BROAD Town youngster Niamh Rawlins is jetting off in search of the American dream after earning a prestigious soccer scholarship at Lipscomb University in Nashville, Tennessee.
The 18-year-old left winger, who has featured for Portsmouth Ladies this season, is due to fly across the pond at the end of July to spend four years playing and training full-time with the Lipscomb Bisons, while studying for a degree in exercise science.
Rawlins, who was part of the Swindon Town Football in the Community Under 17 squad that finished third at the 2011 Gothia Cup, put her skills on display during a showcase match in Lilleshall last December, with videos sent out to US colleges by scholarship company PASS4Soccer.
Now the youngster is looking forward to starting a new life stateside as the first-ever English girl to earn a scholarship at Lipscomb.
“I’m really excited - it’s not just going to be a great opportunity in football but a great life experience as well,” said Rawlins, who is taking her A-level exams at Royal Wootton Bassett Academy’s sixth form.
“We went over there in February and the first thing that we saw was a huge basketball court. Everything there was just like you’d see on an American television show.
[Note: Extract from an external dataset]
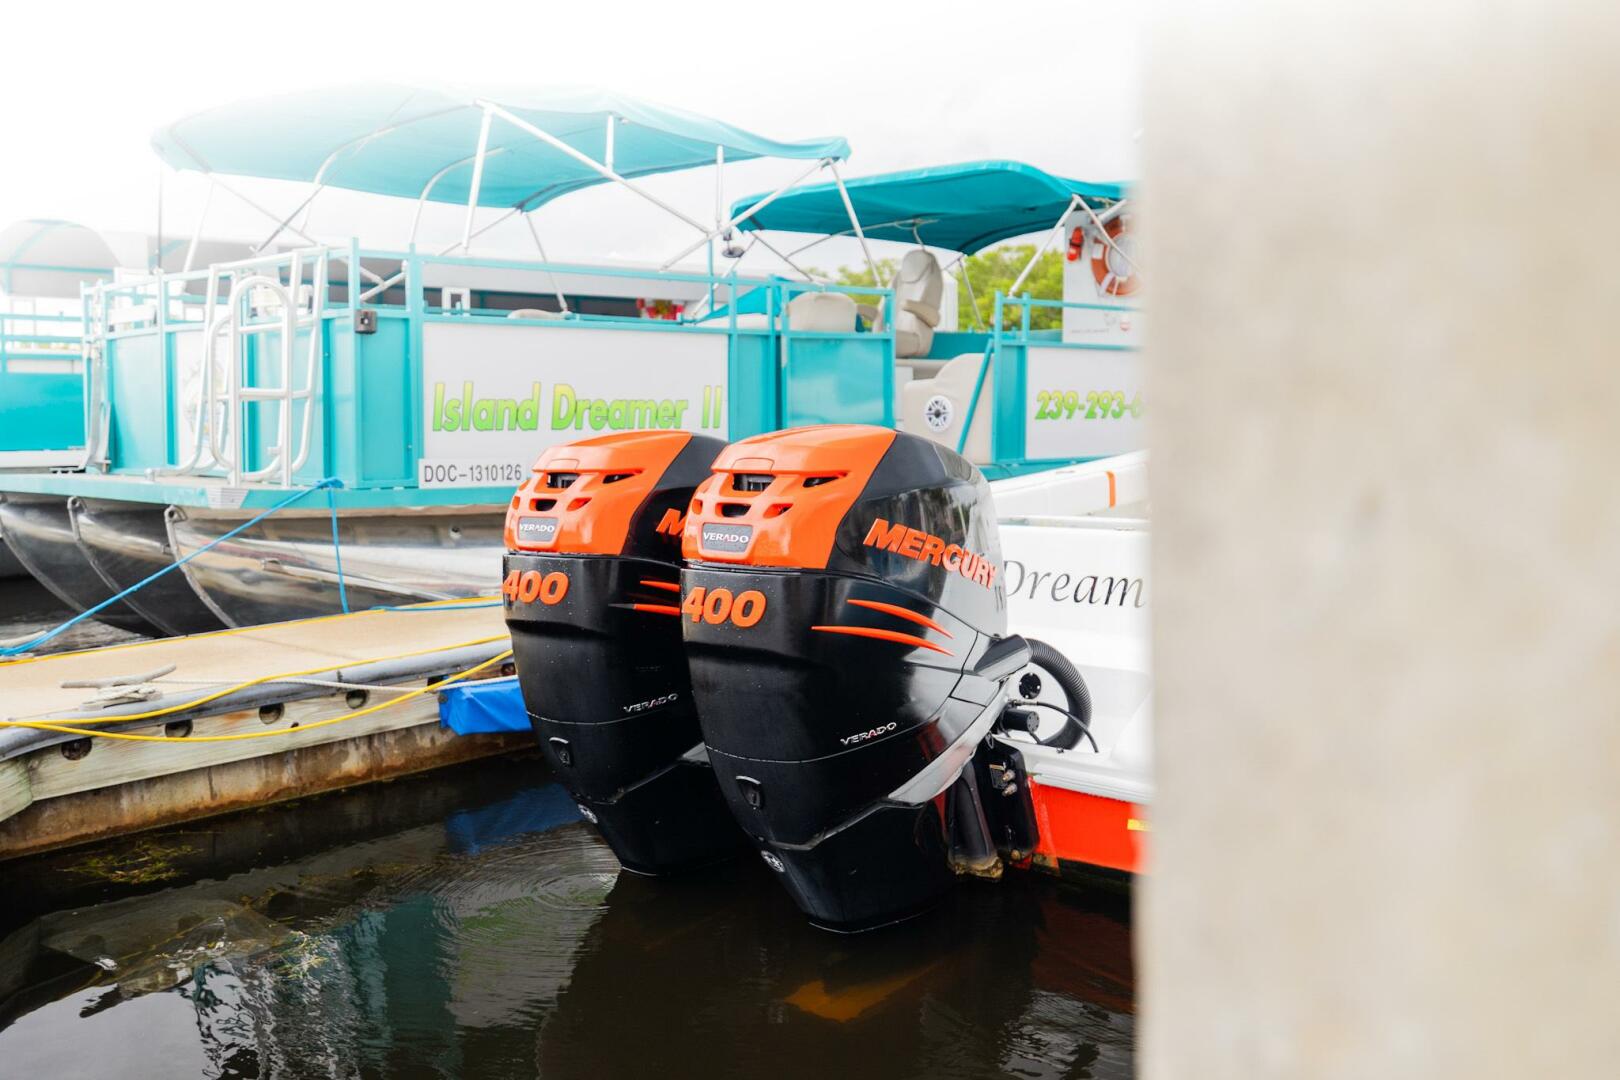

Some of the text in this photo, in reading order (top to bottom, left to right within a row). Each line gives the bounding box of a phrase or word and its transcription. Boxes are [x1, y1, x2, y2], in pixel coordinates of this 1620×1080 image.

“The coaches over there were lovely and being the first English girl to go there will be a good thing because it gives you something to talk about with everyone else.
“I’ve played senior football for the last two seasons, so I feel ready to play over there. I just want to pass my driving test before I go, so that it makes it easier for me to get around.”
Rawlins has also played for Wootton Bassett Town girls, Bristol Academy and, Swindon Spitfires, as well as representing Wiltshire.
Mum Tina said: “After her trial last December, she had so many offers from different colleges. When we got home from Lilleshall, she had one come through the next day.
“There were probably about 25 different ones that came through but she wanted to go somewhere that played in the top division (Lipscomb Bisons play in Division One of the National Collegiate Athletic Association, in the Atlantic Sun Conference).
“I was obviously a bit nervous about sending my little girl across the world without going over there first but, when we did, it seemed like it’s going to be great experience for her.”